REQUIRED ACTION -
From the listing that follows, output everything exactly except the pictures.

DATA SECTION -
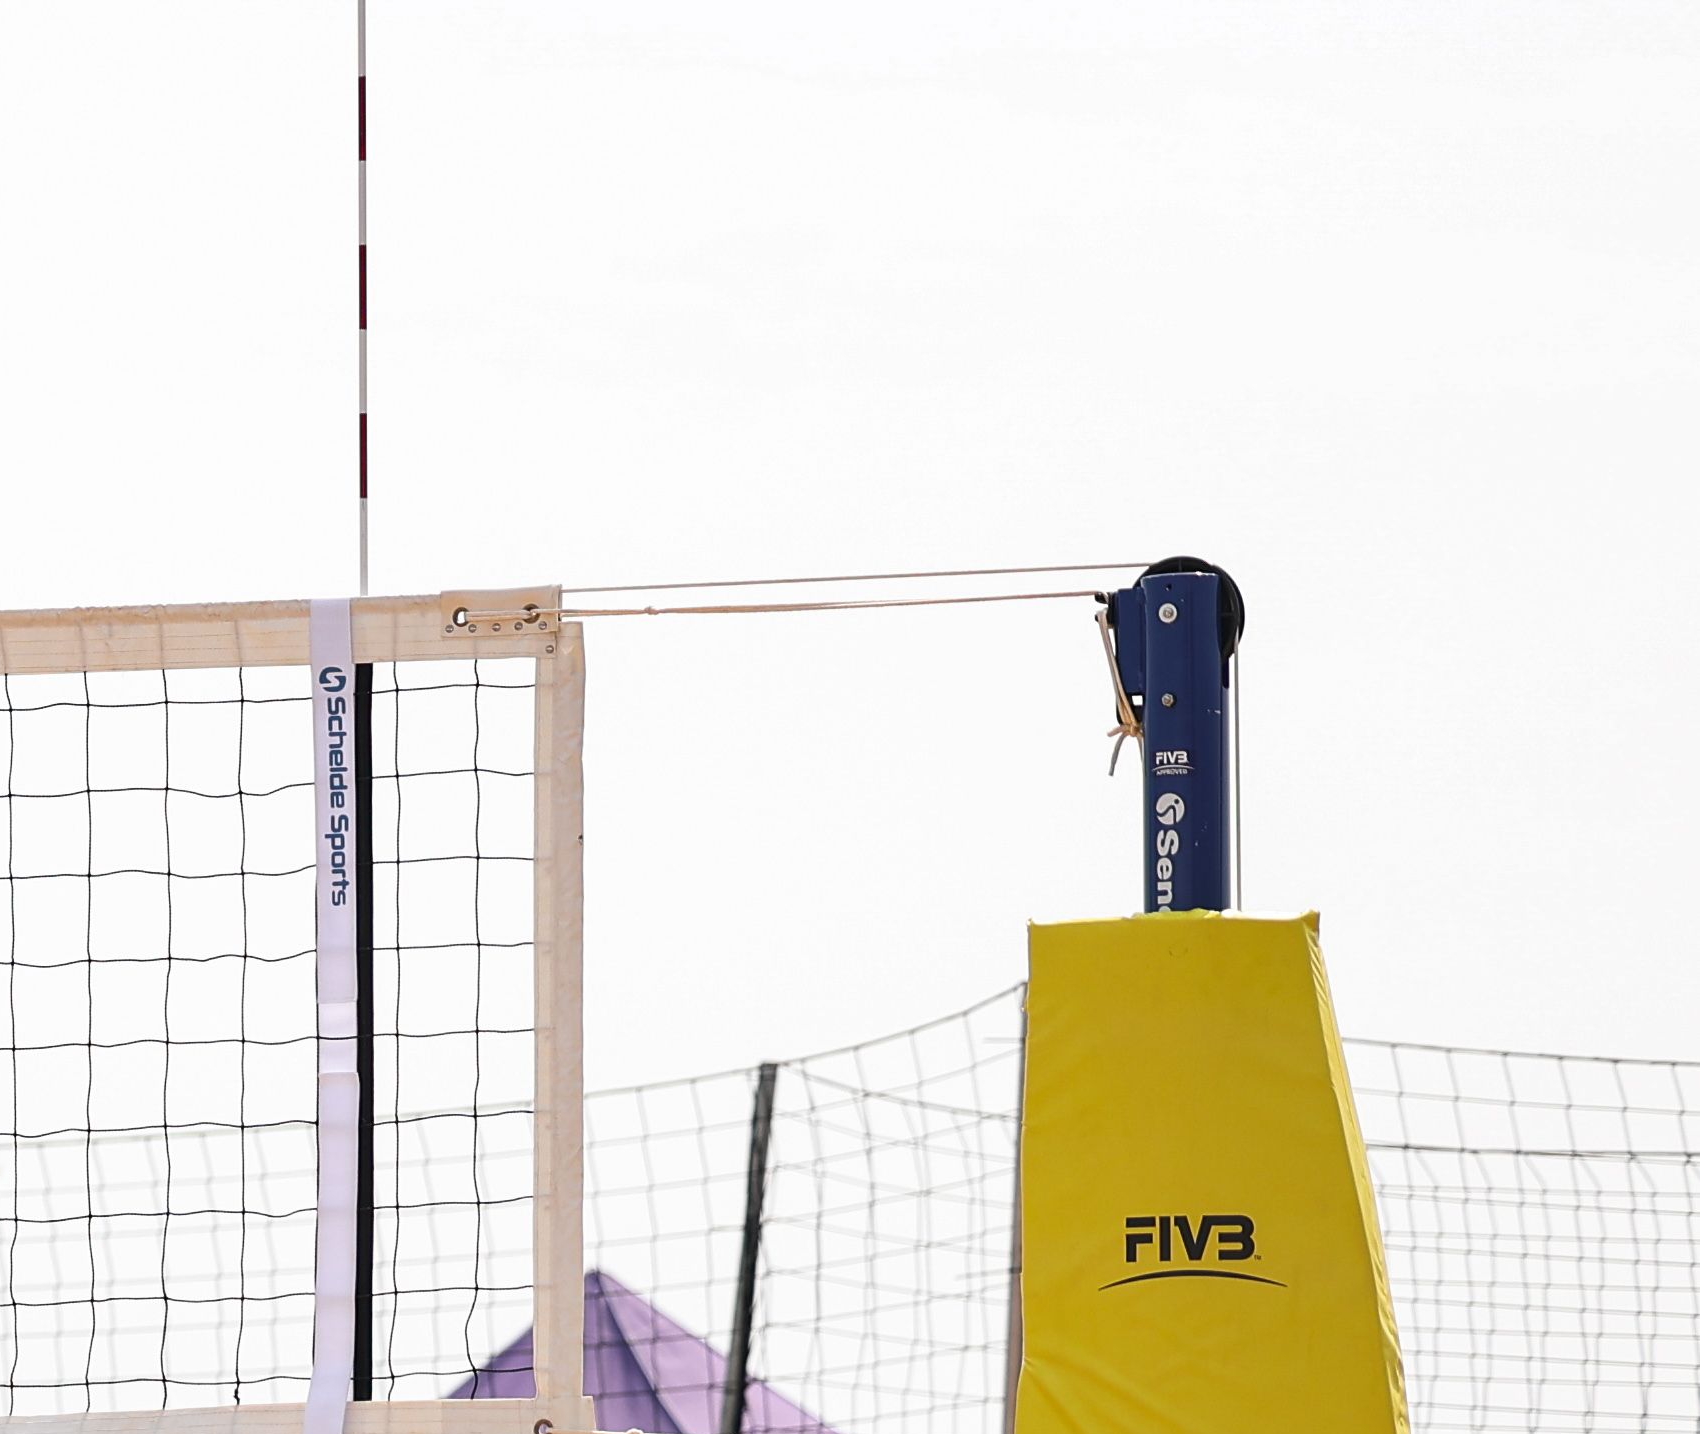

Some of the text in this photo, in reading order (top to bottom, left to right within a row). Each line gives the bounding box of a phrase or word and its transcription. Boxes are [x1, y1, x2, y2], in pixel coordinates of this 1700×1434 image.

[1155, 750, 1189, 765] FIVB
[325, 696, 350, 906] Schelde Sports
[1156, 829, 1180, 912] Sen
[1126, 1214, 1256, 1263] FIVB
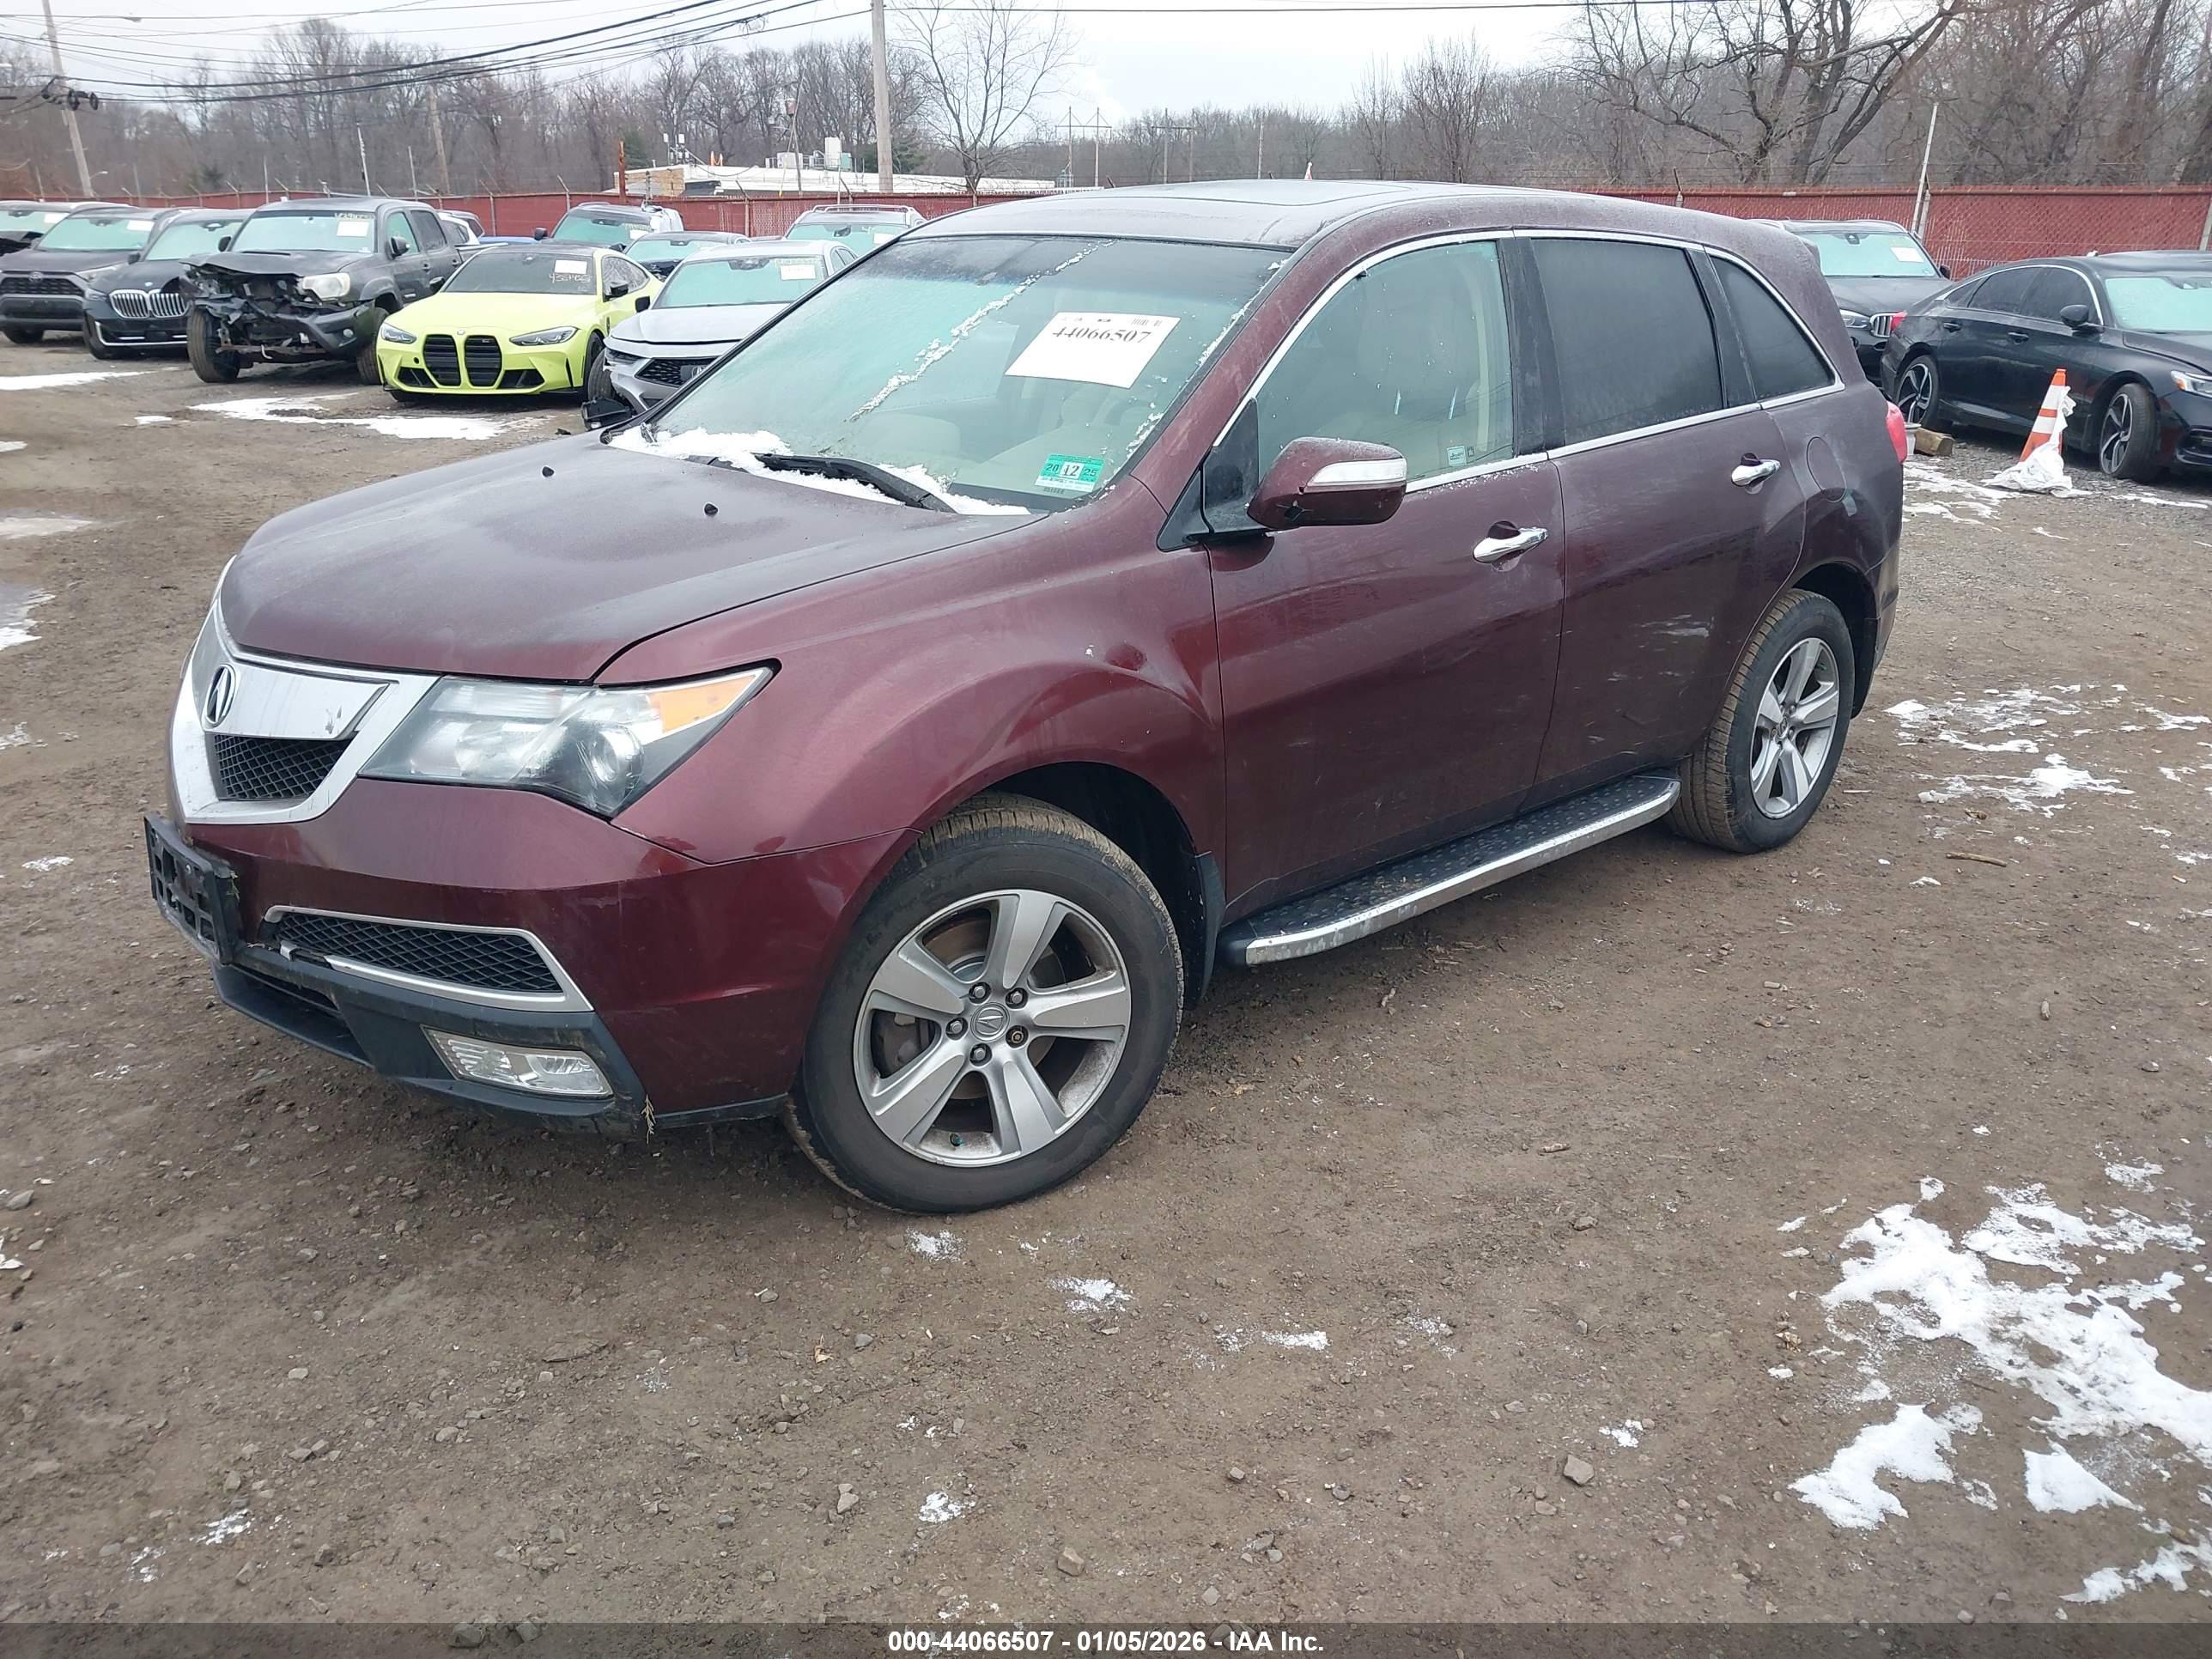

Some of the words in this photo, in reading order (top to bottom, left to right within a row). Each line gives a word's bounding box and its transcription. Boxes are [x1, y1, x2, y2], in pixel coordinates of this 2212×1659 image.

[1053, 326, 1152, 343] 44066507
[1045, 463, 1060, 472] 20
[1063, 465, 1080, 477] 12
[1083, 468, 1097, 477] 25

EXERCISE SOLUTION -
Some of the text in this photo, in reading order (top to bottom, left to right within a row). Each line gives the bounding box of a phrase or word and its transcription. Boxes are [x1, y1, x2, y2], in pixel coordinates of this 1700×1434 image.

[1155, 750, 1189, 765] FIVB
[325, 696, 350, 906] Schelde Sports
[1156, 829, 1180, 912] Sen
[1126, 1214, 1256, 1263] FIVB

Some of the words in this photo, in reading order (top to bottom, left to right within a row). Each line gives a word's bounding box and its transcription. Boxes are [x1, y1, x2, y2], in pixel coordinates of this 2212×1659 image.

[1053, 326, 1152, 343] 44066507
[1045, 463, 1060, 472] 20
[1063, 465, 1080, 477] 12
[1083, 468, 1097, 477] 25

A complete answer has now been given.